Aramco Increases Dividend Amidst 38% Q2 Profit Dip to $30.1 Billion

Aramco

On Monday, Saudi state oil giant Aramco (TADAWUL:2222) revealed plans for an additional nearly $10 billion dividend, with a major portion allocated to the government. This extra payout comes in addition to the expected $153 billion base dividend for both 2022 and 2023. Aramco is set to initiate performance-linked dividends, starting with a $9.87B payout in Q3, set on by its full-year 2022 and first-half 2023 results.

What sets this move apart is the base dividend of approximately $19.5 billion for the second quarter, consistent with the first quarter, which remains unaffected by the company’s performance – an unusual practice for listed companies. The supplementary dividend, announced earlier, will be disbursed over six quarters and is calculated based on 70% of Aramco’s free cash flow for the years 2022 and 2023, after deducting the base dividend and other amounts.

Aramco had previously stated that the performance-linked dividend would range from 50% to 70% of their free cash flow. Despite a rise of about 12% in the company’s shares this year, reaching 32.65 riyals, the Saudi state remains the primary shareholder, with direct holdings accounting for 90.19%. The sovereign Public Investment Fund (PIF) holds 4%, while PIF subsidiary Sanabil owns another 4%.

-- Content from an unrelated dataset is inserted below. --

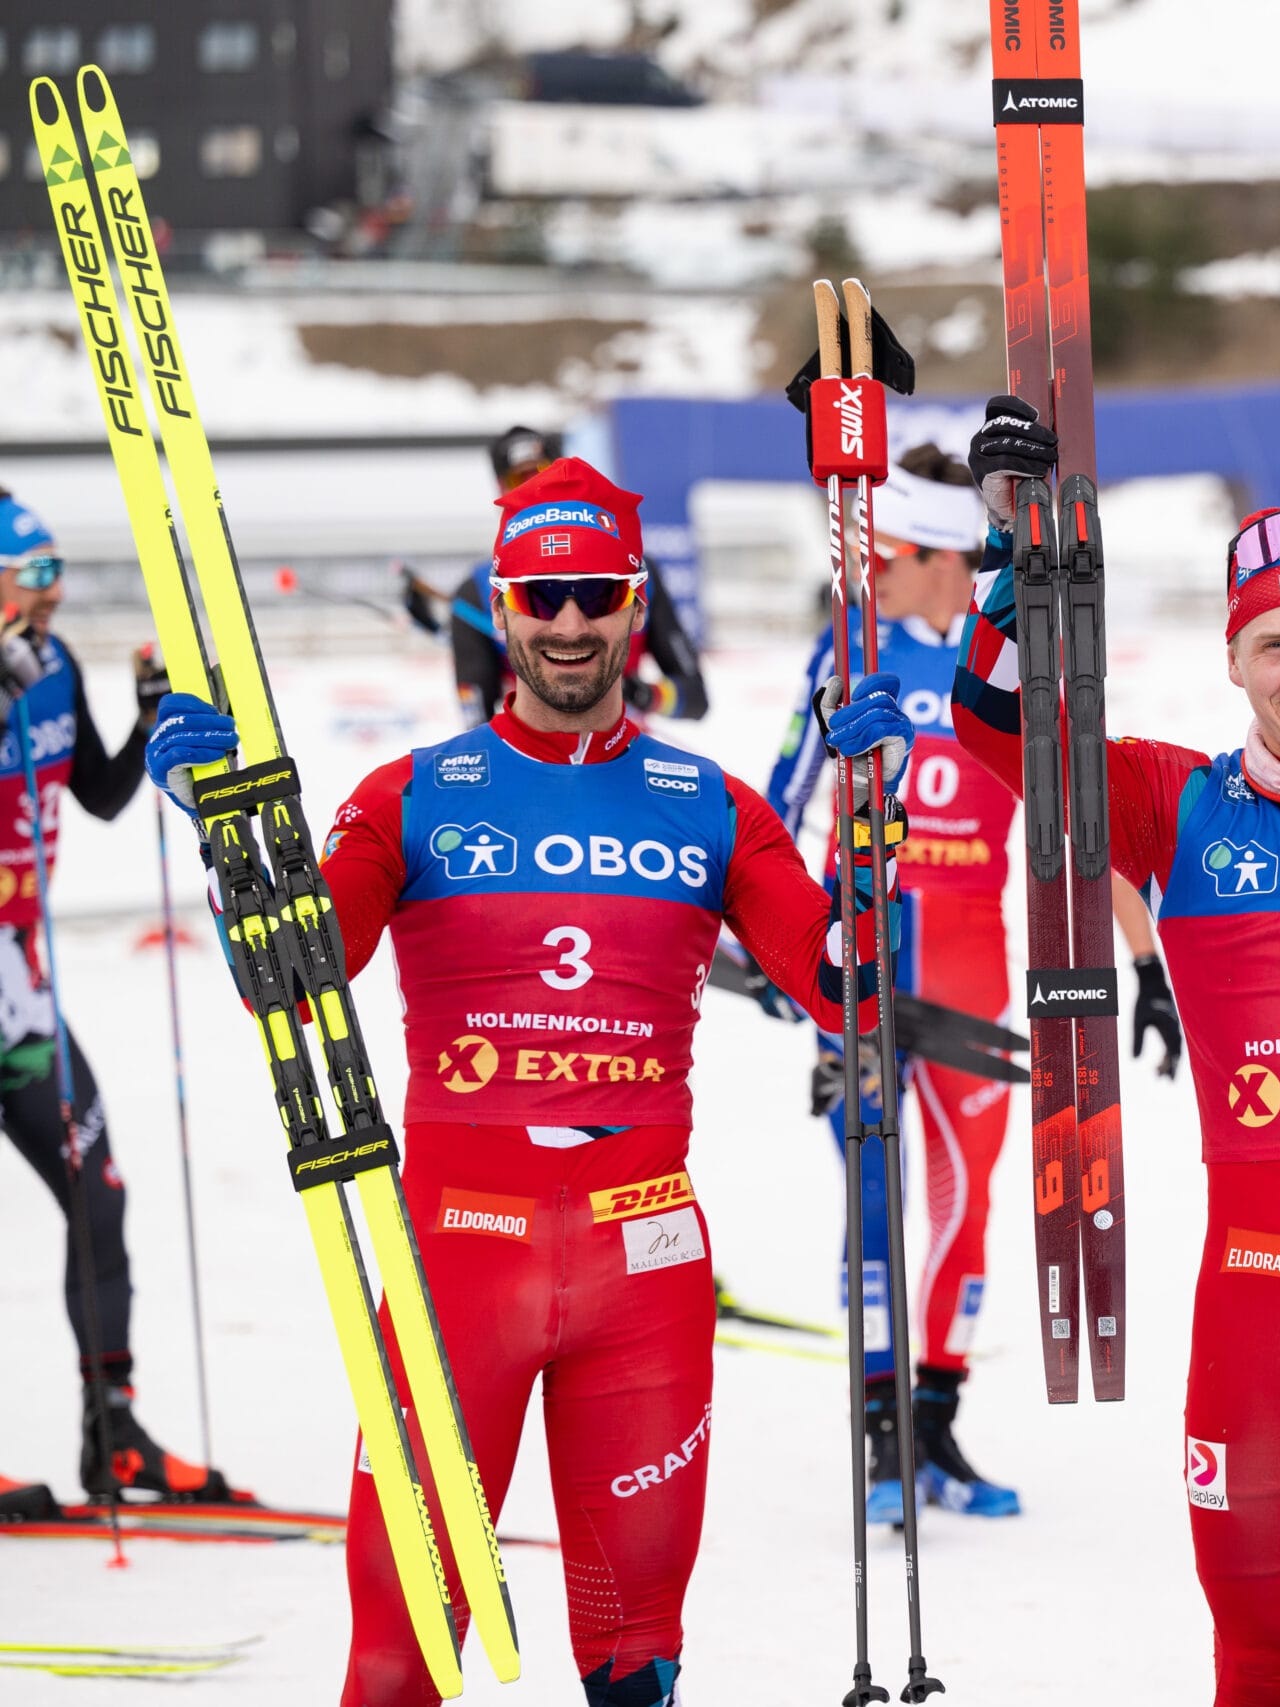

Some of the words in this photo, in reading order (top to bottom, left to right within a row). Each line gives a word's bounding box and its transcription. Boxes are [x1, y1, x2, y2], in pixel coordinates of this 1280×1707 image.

Meanwhile, Saudi Arabia encountered a budget deficit of 8.2 billion riyals in the first half of 2023, raising concerns of a full-year deficit after recording its first surplus in nearly a decade the previous year. The PIF, which occasionally receives government injections, invested 120 billion riyals domestically in the past year to drive an ambitious economic agenda focused on diversifying the economy away from oil and establishing new industries.

The Vision 2030 plan, spearheaded by Crown Prince Mohammed bin Salman, the de facto ruler of the kingdom, includes the construction of a $500 billion car-free city in the desert. However, Aramco’s net profit for the quarter ending on June 30 declined to 112.81 billion riyals ($30.07 billion), marking a 38% drop from the 181.64 billion riyals reported a year earlier. The decline is attributed to weaker oil prices and slimmer refining and chemicals margins.

Despite the dip in profits, most oil majors reported strong or record-breaking earnings in the second quarter due to Western sanctions against major oil exporter Russia, which exacerbated an already undersupplied global market, leading to a surge in crude and natural gas prices. While Brent crude prices have fallen from $113 per barrel a year ago due to concerns over an economic slowdown and surplus supplies, efforts by Moscow and Riyadh are underway to stabilize prices.

Presently, oil futures are at their highest since mid-April after Saudi Arabia and Russia committed to reducing supplies for another month to further tighten global markets. On Monday, Brent crude was trading just above $85 per barrel. The OPEC+ alliance, comprising Saudi-led OPEC and allied oil-producing nations led by Russia, is responsible for pumping around 40% of the world’s crude and has been restricting supply since late last year to support the market.

CEO Amin Nasser reaffirmed Aramco’s long-term perspective, anticipating a global economic recovery and increased activity in the aviation sector. To safeguard energy security, the company plans to continue investments in energy projects. Nasser also expressed confidence in the growth of the chemicals sector, especially in China, where Aramco has several investments in the pipeline, soon to be disclosed. Despite the challenging times, Aramco still maintains its capital expenditure between $45 billion and $55 billion for this year.